This exercise calls for the data below to be retyped exactly, minus any images.

Segment Start: Data for this exercise

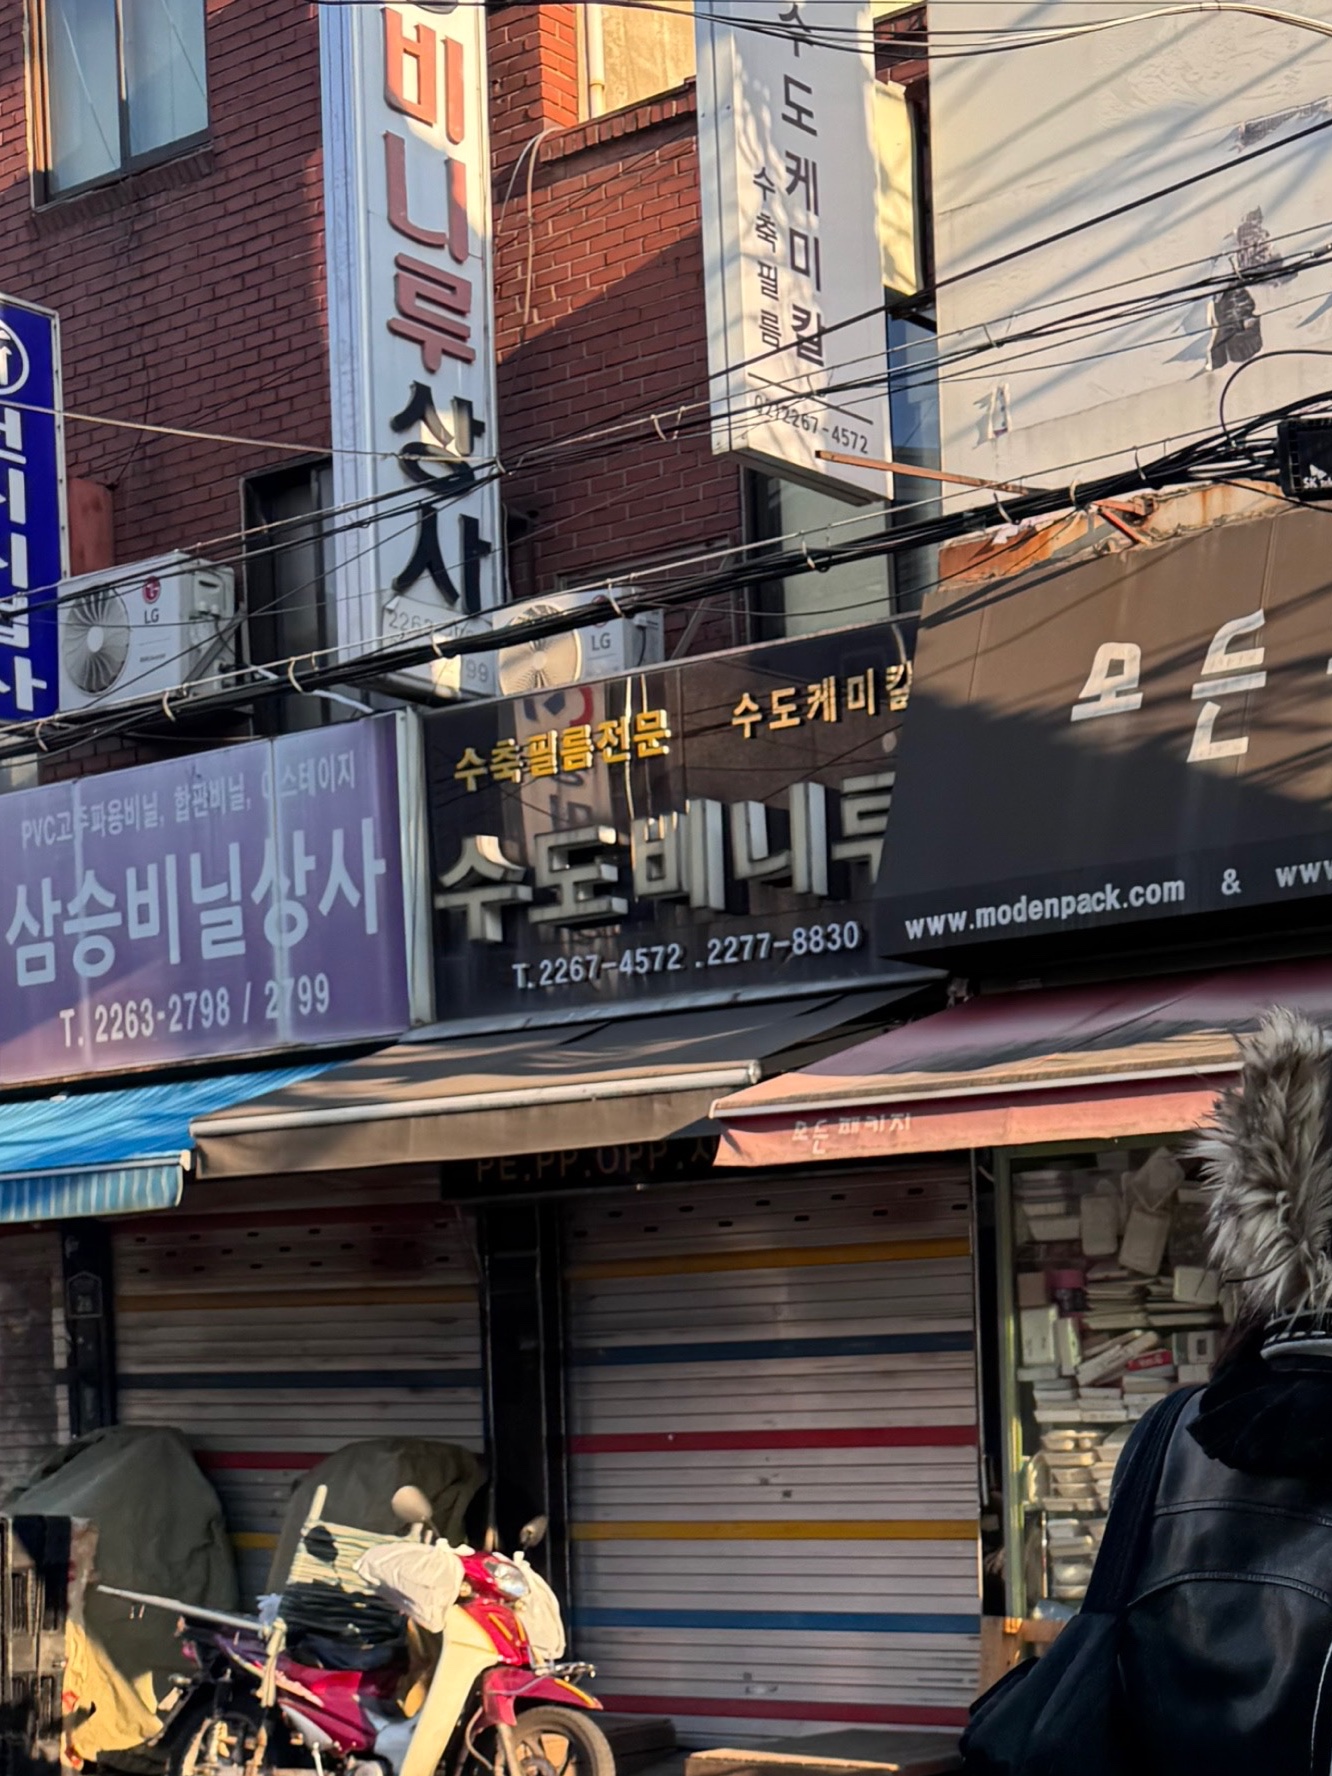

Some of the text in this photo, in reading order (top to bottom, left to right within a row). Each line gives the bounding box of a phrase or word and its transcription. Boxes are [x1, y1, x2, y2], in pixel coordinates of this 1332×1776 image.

[778, 2, 825, 367] 수도케미칼
[753, 167, 783, 350] 수축필름
[1303, 476, 1318, 489] SK
[144, 608, 160, 624] LG
[590, 632, 612, 651] LG
[6, 817, 387, 988] 삼승비닐상사
[904, 877, 1185, 941] www.modenpack.com
[1220, 868, 1241, 896] &
[59, 1008, 84, 1048] T.
[94, 986, 231, 1045] 2263-2798
[264, 973, 330, 1020] 2799

Segment End: Data for this exercise

Answer to the exercise
Some of the text in this photo, in reading order (top to bottom, left to right within a row). Each line gives the bounding box of a phrase or word and its transcription. Boxes are [x1, y1, x2, y2], in pixel coordinates of this 1332×1776 image.

[778, 2, 825, 367] 수도케미칼
[753, 167, 783, 350] 수축필름
[1303, 476, 1318, 489] SK
[144, 608, 160, 624] LG
[590, 632, 612, 651] LG
[6, 817, 387, 988] 삼승비닐상사
[904, 877, 1185, 941] www.modenpack.com
[1220, 868, 1241, 896] &
[59, 1008, 84, 1048] T.
[94, 986, 231, 1045] 2263-2798
[264, 973, 330, 1020] 2799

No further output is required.